» What to produce:
What is needed is an exact retyping of each entry, pictures excluded.

Dataset entries
========

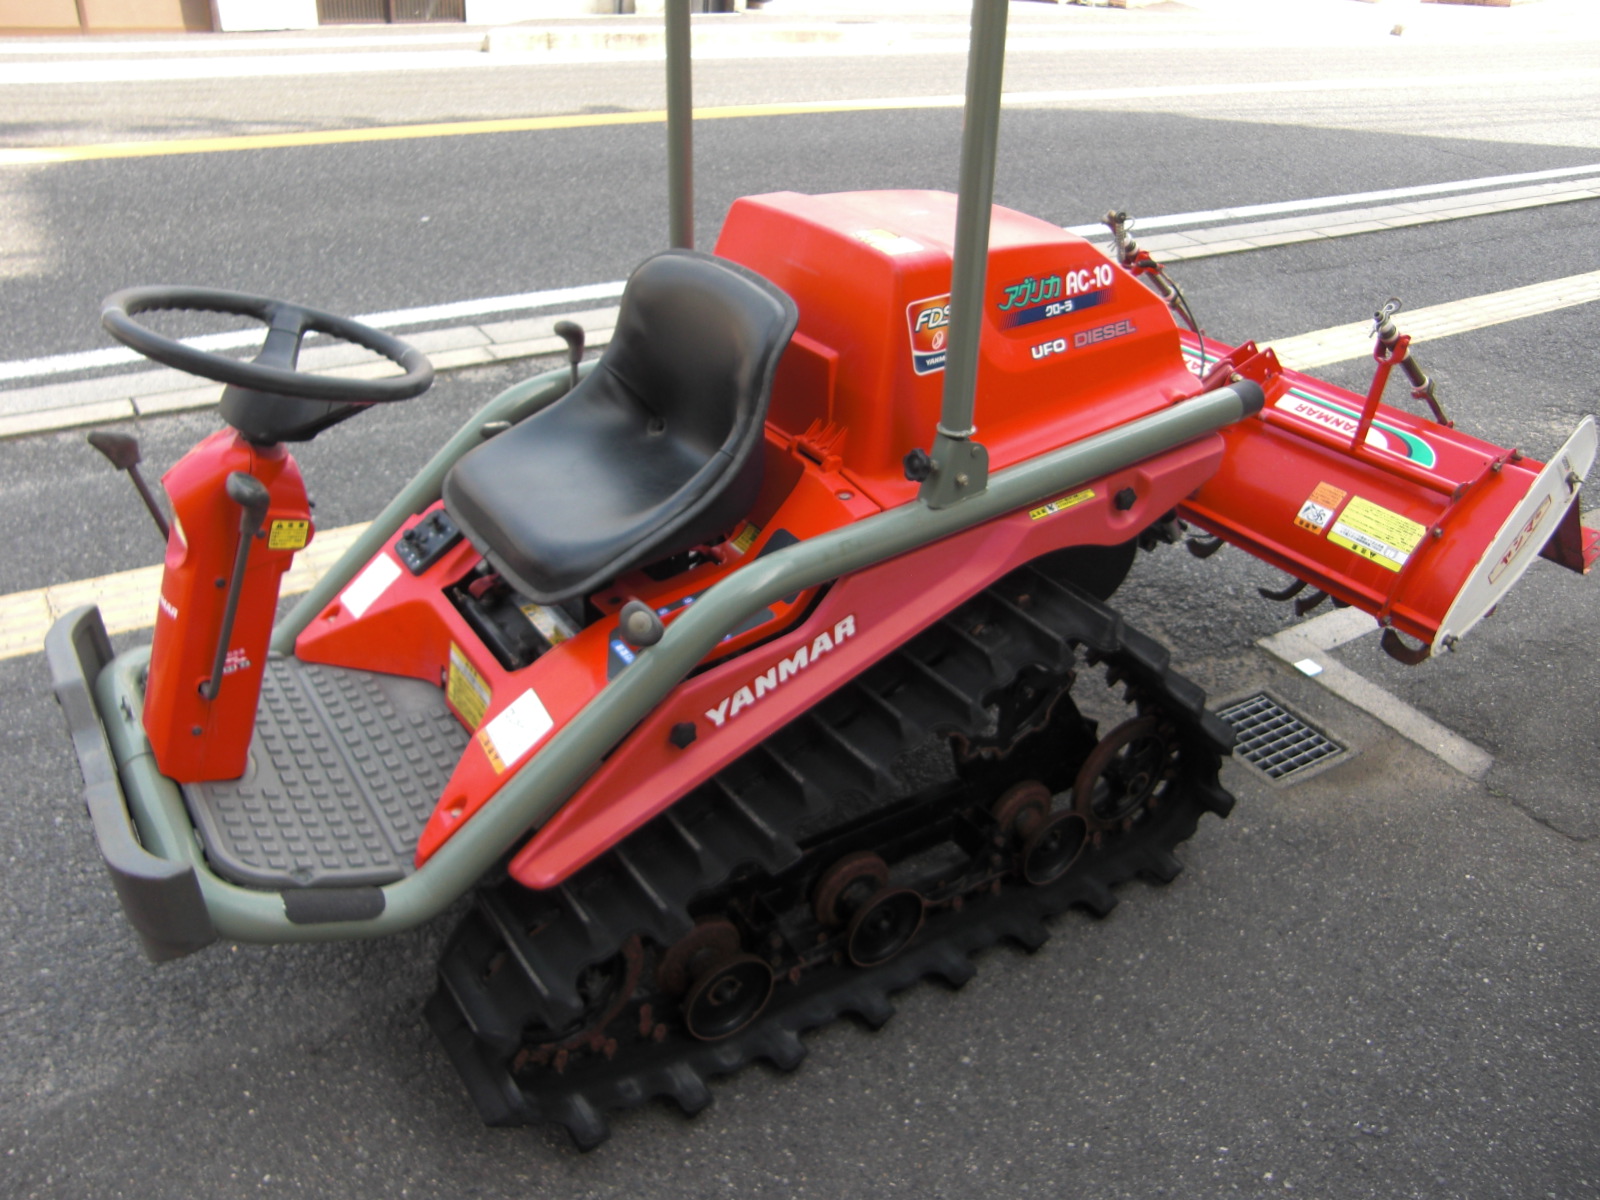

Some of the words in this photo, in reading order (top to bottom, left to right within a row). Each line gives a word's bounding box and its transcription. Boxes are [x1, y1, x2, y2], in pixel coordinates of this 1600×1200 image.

[998, 275, 1062, 311] アグリカ
[1065, 263, 1113, 296] AC-10
[1045, 300, 1073, 317] クローラ
[1031, 338, 1067, 360] UFO
[1073, 320, 1137, 347] DIESEL
[925, 355, 947, 367] YANM
[705, 614, 857, 727] YANMAR

========

» Answer below:
Some of the words in this photo, in reading order (top to bottom, left to right within a row). Each line gives a word's bounding box and its transcription. Boxes are [x1, y1, x2, y2], in pixel coordinates of this 1600×1200 image.

[998, 275, 1062, 311] アグリカ
[1065, 263, 1113, 296] AC-10
[1045, 300, 1073, 317] クローラ
[1031, 338, 1067, 360] UFO
[1073, 320, 1137, 347] DIESEL
[925, 355, 947, 367] YANM
[705, 614, 857, 727] YANMAR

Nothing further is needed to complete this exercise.